Mr. WARNER. Mr. President, he was fired.

Mr. McCONNELL. He was fired. Is it not the case, I ask my friend, the chairman of the Armed Services Committee, that the National Security Adviser, Steve Hadley, if you will, of the Iraqi Government, stated shortly thereafter what the policy of the Iraqi Government was?

Mr. WARNER. Mr. President, the Senator is exactly correct.

Mr. McCONNELL. Is the Senator from Kentucky not correct that the policy of the Iraqi Government is not to do exactly what we have been having this discussion about on the Senate floor for lo these several days?

Mr. WARNER. That is correct. Based on my discussions with Senator Nelson, he in good faith read those reports and felt very strongly, as I think many of us do, about the issue of amnesty and came forward with that amendment. Then, we purposely delayed final action on these two amendments last week, such that in the intervening time there would be further clarification. I do believe there has been some further clarification of this matter. I can address that in the context of a communication from the Department of State, I say to my good friend from Kentucky. I was able to obtain this information, which hopefully will be forthcoming momentarily, stating just that: The Iraqi Government understands precisely what the situation is, that an error was made and they have put in place I think adequate corrections.

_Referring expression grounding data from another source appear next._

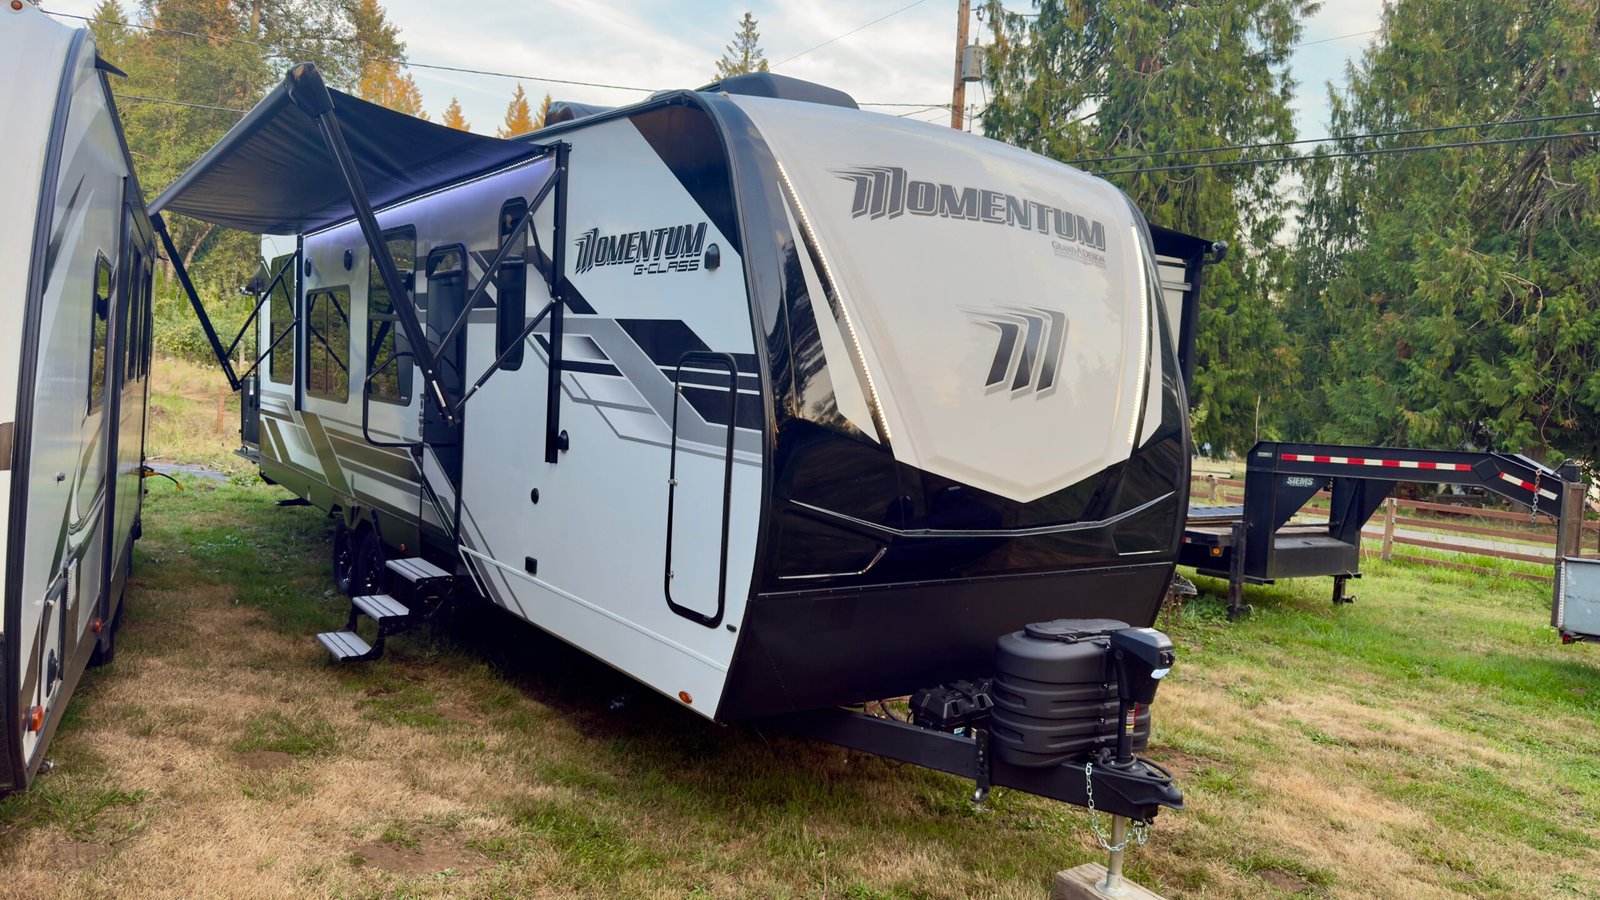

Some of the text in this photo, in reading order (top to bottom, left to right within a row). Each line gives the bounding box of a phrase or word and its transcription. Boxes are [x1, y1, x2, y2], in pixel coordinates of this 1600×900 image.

[830, 166, 1106, 252] MOMENTUM
[574, 222, 708, 275] MOMENTUM
[633, 259, 701, 276] G-CLASS
[1286, 476, 1314, 486] SIEMS
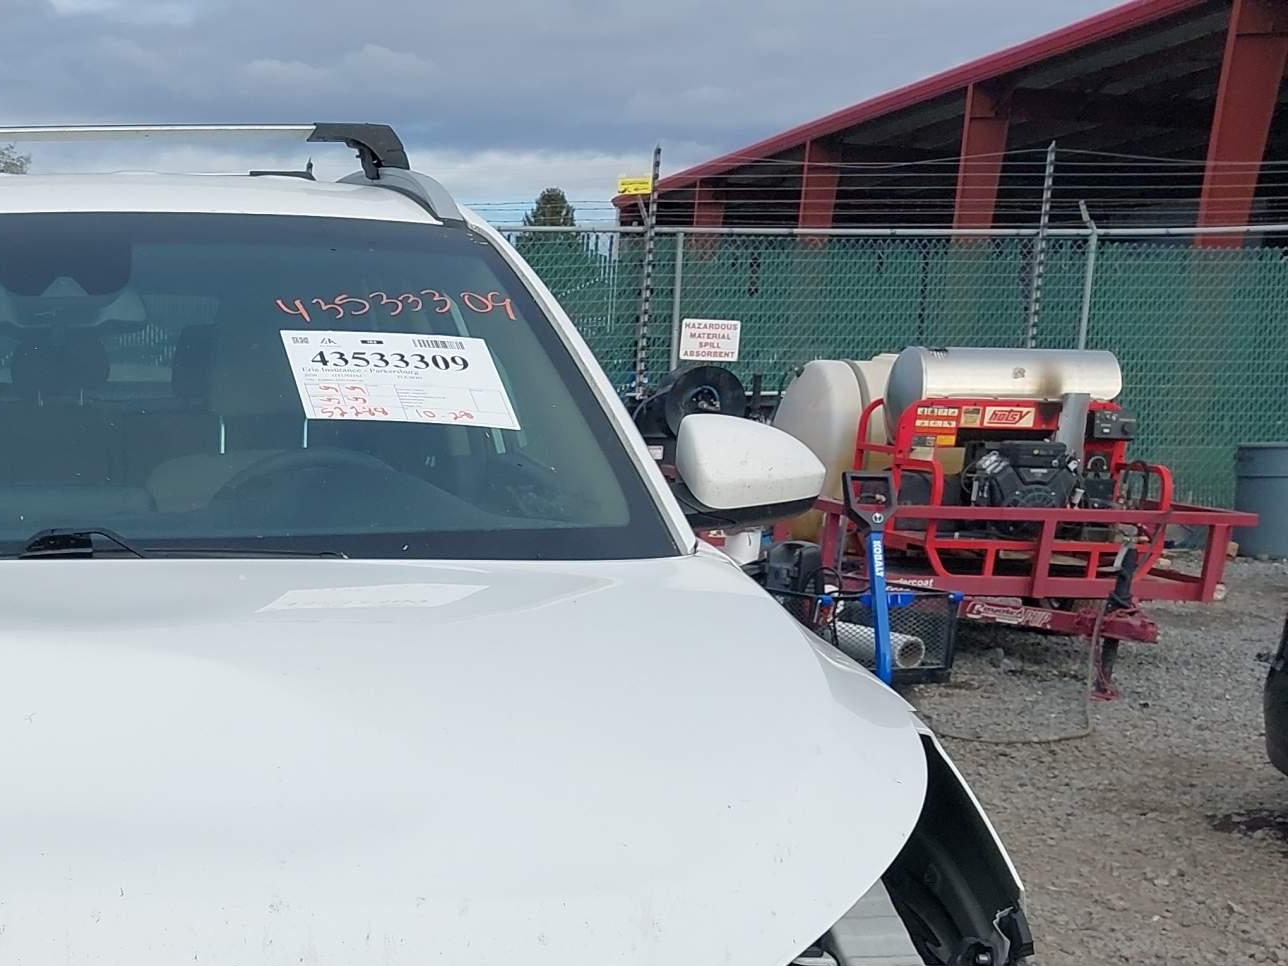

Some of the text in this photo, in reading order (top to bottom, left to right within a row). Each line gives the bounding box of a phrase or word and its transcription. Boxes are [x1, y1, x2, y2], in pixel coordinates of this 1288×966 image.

[684, 322, 738, 331] HAZARDOUS
[689, 332, 731, 340] MATERIAL
[698, 341, 721, 349] SPILL
[683, 350, 736, 358] ABSORBENT
[311, 350, 470, 372] 43533309
[872, 540, 885, 577] KOBALT

Mr. McCONNELL. So I ask one final question of my friend from Virginia. Since the Nelson amendment basically addresses a nonexistent problem and the McConnell amendment simply asserts what we already know to be the policy of the Iraqi Government, that it would likely be a good idea for the Senate to go on record as supporting both of these amendments at this juncture?

Mr. WARNER. Mr. President, I think, certainly in my judgment, that would be an acceptable situation because there is clarity in the amendment of the Senator from Kentucky about a point that is very important to me; i.e, sovereignty, exercise of that. With no disrespect to the Senator from Florida, I believed his amendment as originally drafted, and the intent, was to reach across the ocean and have the U.S.A. reach into the Government and try to dictate what was to be done. So I believe the Senator is correct in that, and I join him in that suggestion to our colleagues.

Mr. NELSON of Florida. Will the Senator yield?

Mr. McCONNELL. Mr. President, is the Senator yielding the floor?

Mr. WARNER. Yes, of course.

The PRESIDING OFFICER (Mr. Voinovich). The Senator from Kentucky.

Mr. McCONNELL. Let me add, briefly, as I hear the distinguished chairman of the Armed Services Committee, at this juncture the appropriate thing for the Senate to do would be to vote for both of these amendments. It has been made perfectly clear, by statements by the National Security Adviser of the new Iraqi Government, that it is not the policy of the Iraqi Government to grant amnesty to those who killed American soldiers.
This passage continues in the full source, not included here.